Attached patch should fix the problem.

Thanks

Yinghai


Attachments:
fix_adjust_page_mask_with_1g.patch (1.78 kB)

2013-05-25 10:24:59

by Yuanhan Liu

[permalink] [raw]
Subject: Re: [PATCH] x86, mm: fix boot hang regression

On Sat, May 25, 2013 at 12:31:43AM -0700, Yinghai Lu wrote:
> On Fri, May 24, 2013 at 9:30 PM, Yuanhan Liu
> <[email protected]> wrote:
> > Commit 8d57470d introduced a kernel panic while setting mem=2G at
> > boot time, and commit c9b3234a6 turns the the kernel panic to hang.
> >
> > While, the reason is the same: the are accessing a BAD address; I mean
> > the mapping is broken.
> >
> > Here is a mem mapping range dumped at boot time:
> > [mem 0x00000000-0x000fffff] page 4k (0)
> > [mem 0x7fe00000-0x7fffffff] page 1G (1)
> > [mem 0x7c000000-0x7fdfffff] page 1G (2)
> > [mem 0x00100000-0x001fffff] page 4k (3)
> > [mem 0x00200000-0x7bffffff] page 2M (4)
> >
> ...
> > I reported this panic regression long time ago, and I didn't notic the above
> > panic->hang change before, which might confuse Yinghai for understanding
> > what happened from 2 logs I sent before(one is from 8d57470d, another is
> > from the HEAD commit at that time, which turn to a hang as stated).
> > More, it seems that Yinghai can't produce it. And I was busying at
> > something else. And I finally got a day yesterday(and a good mood ;).
> >
> > Last, Thanks Changlong's effort for bisecting the 2 above commit.
> > ---
> > arch/x86/mm/init_64.c | 51 +++++++++++++++++++++++++++++++++++++++++-------
> > 1 files changed, 43 insertions(+), 8 deletions(-)
>
> oh, I know the reason, my intel box has acpi or reserved area just below 2GiB.

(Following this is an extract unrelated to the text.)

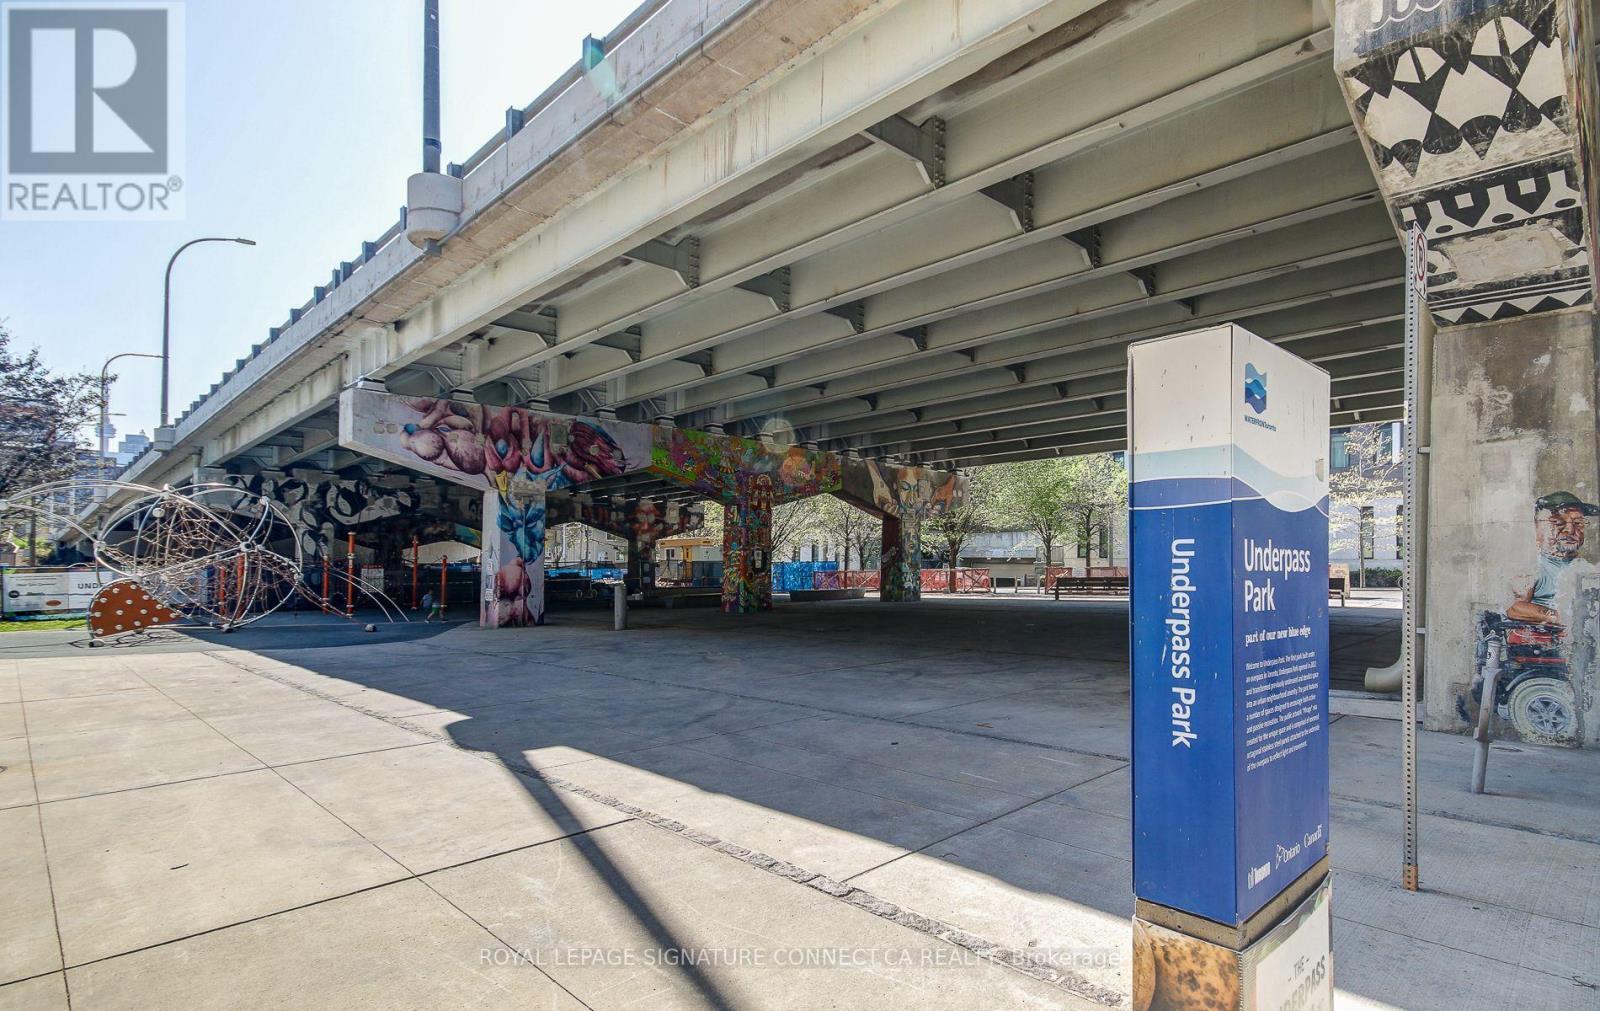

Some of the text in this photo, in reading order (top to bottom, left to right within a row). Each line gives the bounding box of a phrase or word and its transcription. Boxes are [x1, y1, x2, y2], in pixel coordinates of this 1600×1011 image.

Due to the 1GB page mapping support, it seems that this issue does not
exist on platform before Sandybridge.

>
> your patch is not right fix.
>
> Attached patch should fix the problem.

Firstly, your patch works and feel free to add:
Tested-by: Yuanhan Liu <[email protected]>

While, your patch fixes this issue on source side. I thought that
before, too. But I think it's better to fix it on root side.
That's why I sent a patch to try to fix it at mapping stage; Meanwhile,
I was trying to sent another patch to fix this issue on source
side later. And you did that.

On the other hand, since we support splitting PUD(and PMD), I guess we
should make it do the right work just in case will meet such case later.

So, I still think my patch does fix something and should be merged,
unless I did it wrongly. And please correct me if I'm wrong.

Thanks.

--yliu

2013-05-28 23:27:10

by Yinghai Lu

[permalink] [raw]
Subject: Re: [PATCH] x86, mm: fix boot hang regression

On Sat, May 25, 2013 at 3:25 AM, Yuanhan Liu
<[email protected]> wrote:

> Firstly, your patch works and feel free to add:
> Tested-by: Yuanhan Liu <[email protected]>

ok, will resend it in complete form.

>
> While, your patch fixes this issue on source side. I thought that
> before, too. But I think it's better to fix it on root side.
> That's why I sent a patch to try to fix it at mapping stage; Meanwhile,
> I was trying to sent another patch to fix this issue on source
> side later. And you did that.
>
> On the other hand, since we support splitting PUD(and PMD), I guess we
> should make it do the right work just in case will meet such case later.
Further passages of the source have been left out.